Artificial inoculation of the virus was conducted to further assess the pathogenicity of IAPV to A. cerana larvae. A dosage effect of IAPV inoculation by oral administration was observed, with a concentration of 1 × 10⁶ copies/μL of IAPV leading to significant mortality in A. cerana brood. A previous study has demonstrated that as few as 10⁴ copies/μL of IAPV can induce mortality in A. mellifera pupae within 96 h by injection [8]. This inconsistency can be explained by the different methodologies, the different pathogenicity of IAPV isolates, or the different resistance to IAPV of the two honeybee species. The virus loads of IAPV in dead inoculated brood were 10⁶ times higher than those in alive inoculated brood, suggesting the virus proliferated fast before or after the death of some larvae, while, in others, virus proliferation was inhibited by the hosts. The decrease in viral load from day 5 to day 9 of survived larvae suggest that the host’s innate immune system is triggered and activated to restrict virus replication and clear pathogens [39]. A high mortality rate was observed in the groups of honeybees inoculated with a high titer of IAPV at day 9 before pupation, suggesting that A. cerana larvae are more susceptible to IAPV infection at this stage.

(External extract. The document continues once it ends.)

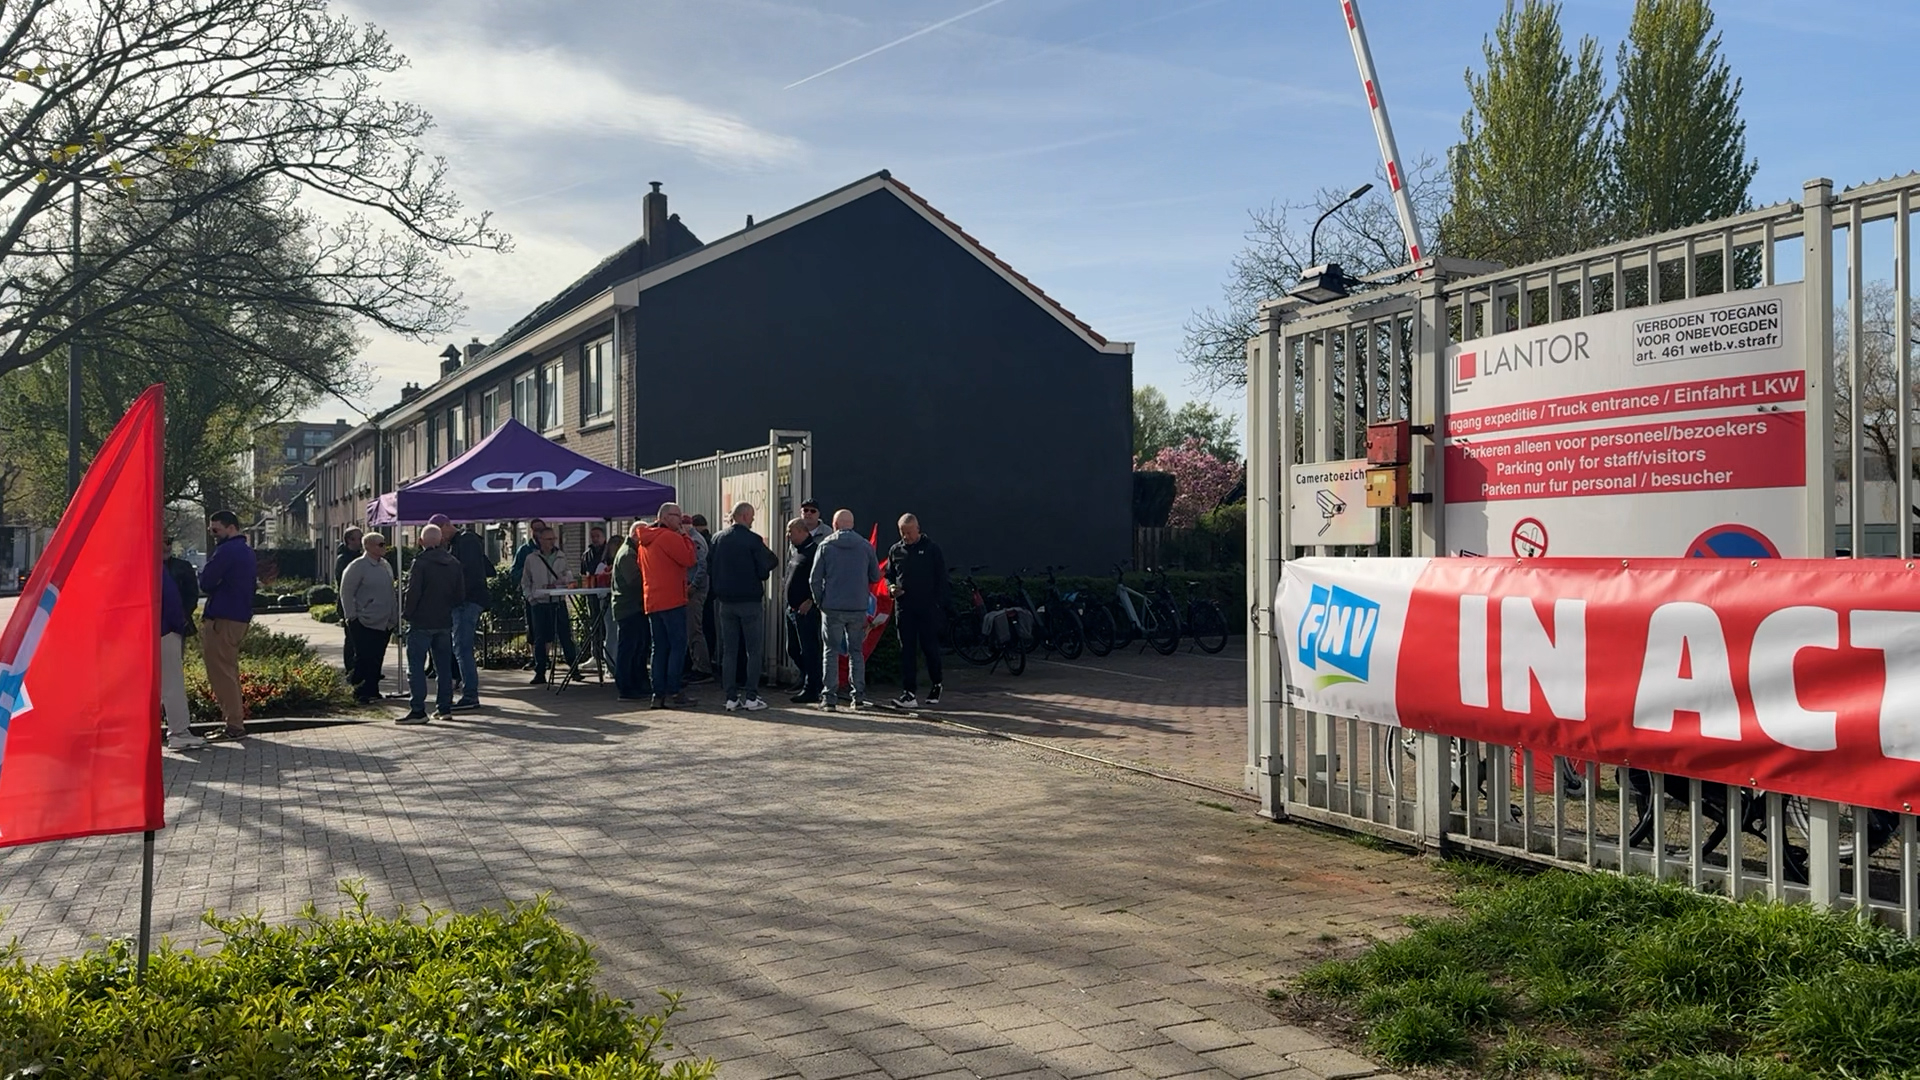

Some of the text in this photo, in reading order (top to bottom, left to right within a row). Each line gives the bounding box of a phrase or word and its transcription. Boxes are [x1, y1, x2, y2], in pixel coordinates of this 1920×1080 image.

To the best of our knowledge, this is the first preliminary study revealing the pathogenesis of IAPV to honeybee species other than A. mellifera. This work emphasizes that IAPV should be recognized as an emerging pathogen causing brood disease in A. cerana. However, our current knowledge is scarce and further studies are needed to fully elucidate the pathogenesis of IAPV to A. cerana and the host defense of A. cerana against the virus.

5. Conclusions

Our study reveals the previously unrecognized pathogenicity of IAPV to A. cerana brood, which partially explains the increasing incidence of brood diseases in A. cerana. IAPV has posed a significant threat to A. cerana, with high infection rates and viral loads similar to those of SBV and M. plutonius in diseased brood. We emphasize that, in beekeeping practice, IAPV should be considered to be an emerging pathogen responsible for brood disease in A. cerana. Further studies are necessary to gain a full understanding of the interactions between IAPV and A. cerana to finally develop technologies to mitigate the impact of IAPV to A. cerana.